**AIM OF THE TASK**.
Copy the entries that appear below in full, leaving out any picture among them.

################

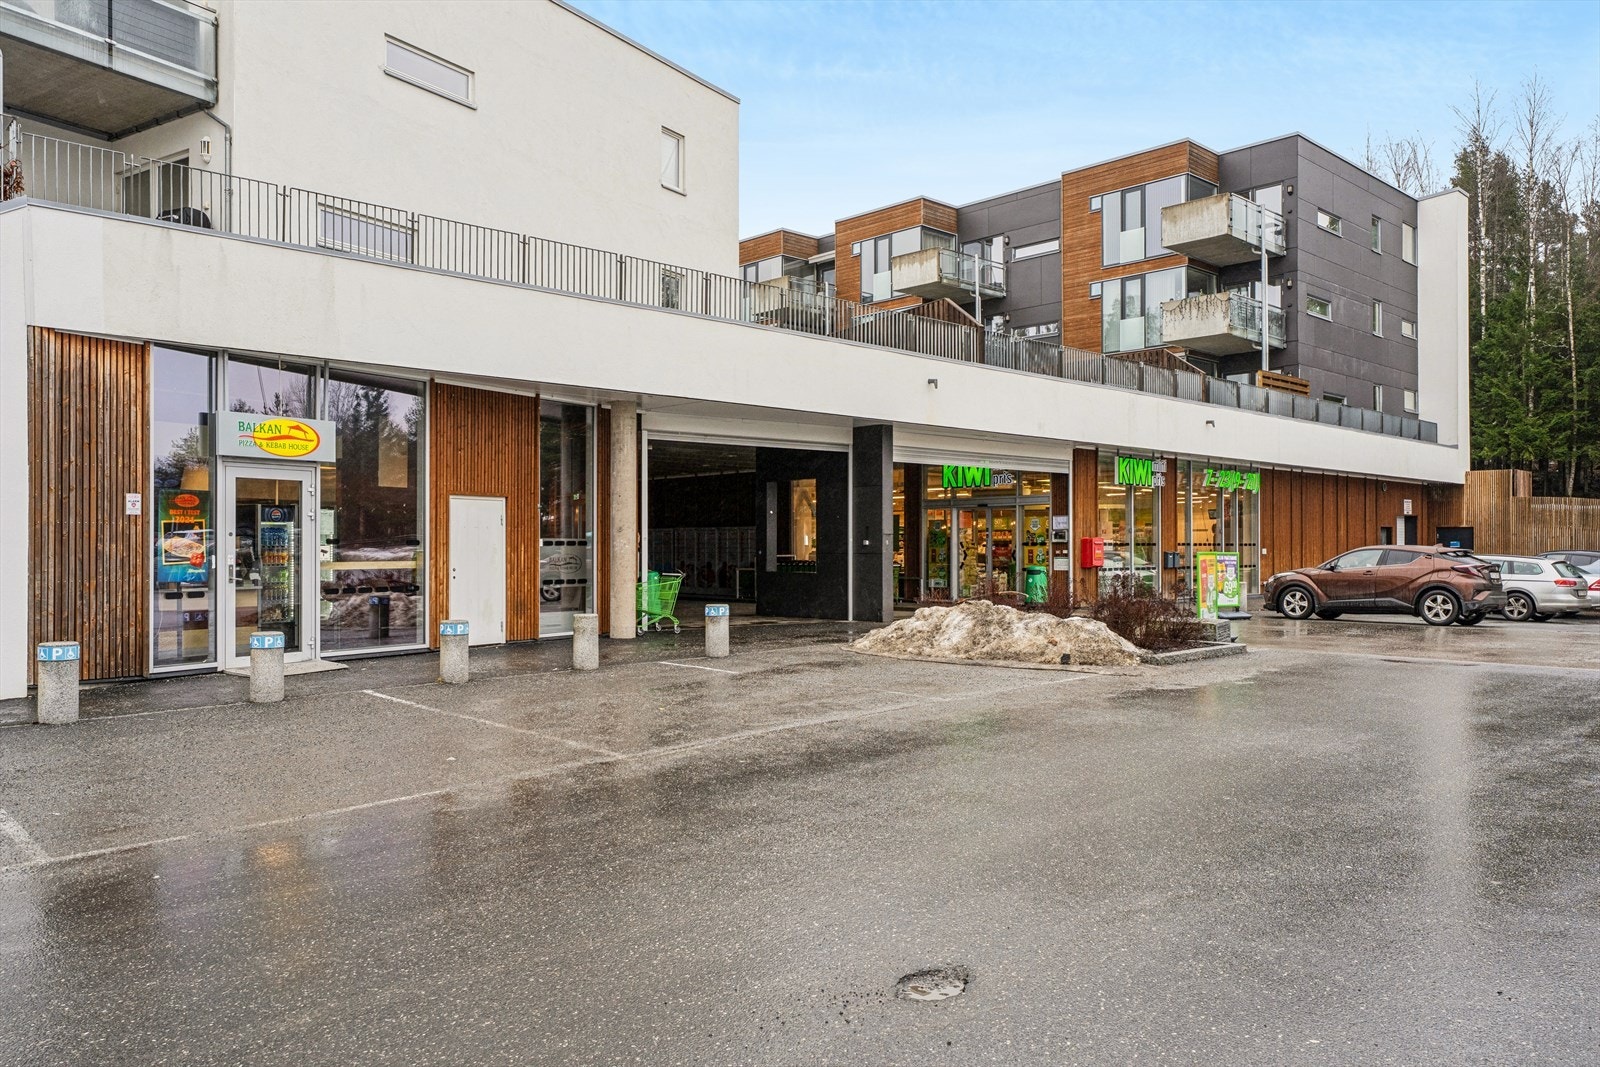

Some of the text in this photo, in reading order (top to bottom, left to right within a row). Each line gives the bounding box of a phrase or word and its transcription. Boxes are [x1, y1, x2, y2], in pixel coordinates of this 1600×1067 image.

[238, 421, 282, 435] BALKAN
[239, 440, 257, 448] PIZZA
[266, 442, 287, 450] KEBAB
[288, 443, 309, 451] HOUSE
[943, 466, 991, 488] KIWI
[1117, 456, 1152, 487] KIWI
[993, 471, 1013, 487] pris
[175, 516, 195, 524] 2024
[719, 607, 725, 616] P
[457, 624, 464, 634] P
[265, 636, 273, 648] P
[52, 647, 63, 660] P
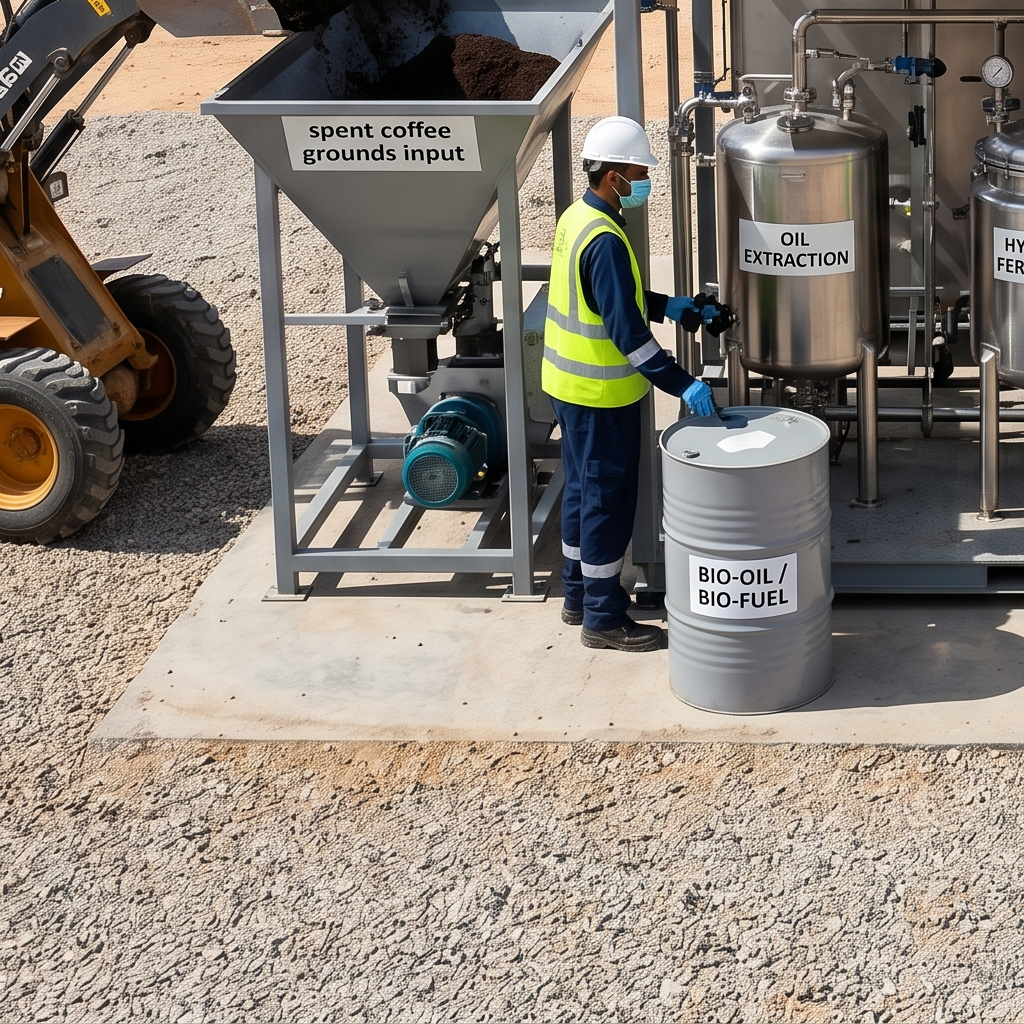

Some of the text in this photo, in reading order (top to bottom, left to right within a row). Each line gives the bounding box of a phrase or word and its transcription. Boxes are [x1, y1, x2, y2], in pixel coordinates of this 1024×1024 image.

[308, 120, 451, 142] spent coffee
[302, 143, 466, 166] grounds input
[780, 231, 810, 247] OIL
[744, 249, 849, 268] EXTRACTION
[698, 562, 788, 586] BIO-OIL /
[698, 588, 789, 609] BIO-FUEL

################

**WORKED SOLUTION**.
Some of the text in this photo, in reading order (top to bottom, left to right within a row). Each line gives the bounding box of a phrase or word and its transcription. Boxes are [x1, y1, x2, y2], in pixel coordinates of this 1600×1067 image.

[238, 421, 282, 435] BALKAN
[239, 440, 257, 448] PIZZA
[266, 442, 287, 450] KEBAB
[288, 443, 309, 451] HOUSE
[943, 466, 991, 488] KIWI
[1117, 456, 1152, 487] KIWI
[993, 471, 1013, 487] pris
[175, 516, 195, 524] 2024
[719, 607, 725, 616] P
[457, 624, 464, 634] P
[265, 636, 273, 648] P
[52, 647, 63, 660] P

Some of the text in this photo, in reading order (top to bottom, left to right within a row). Each line gives the bounding box of a phrase or word and its transcription. Boxes are [x1, y1, x2, y2], in pixel coordinates of this 1024×1024 image.

[308, 120, 451, 142] spent coffee
[302, 143, 466, 166] grounds input
[780, 231, 810, 247] OIL
[744, 249, 849, 268] EXTRACTION
[698, 562, 788, 586] BIO-OIL /
[698, 588, 789, 609] BIO-FUEL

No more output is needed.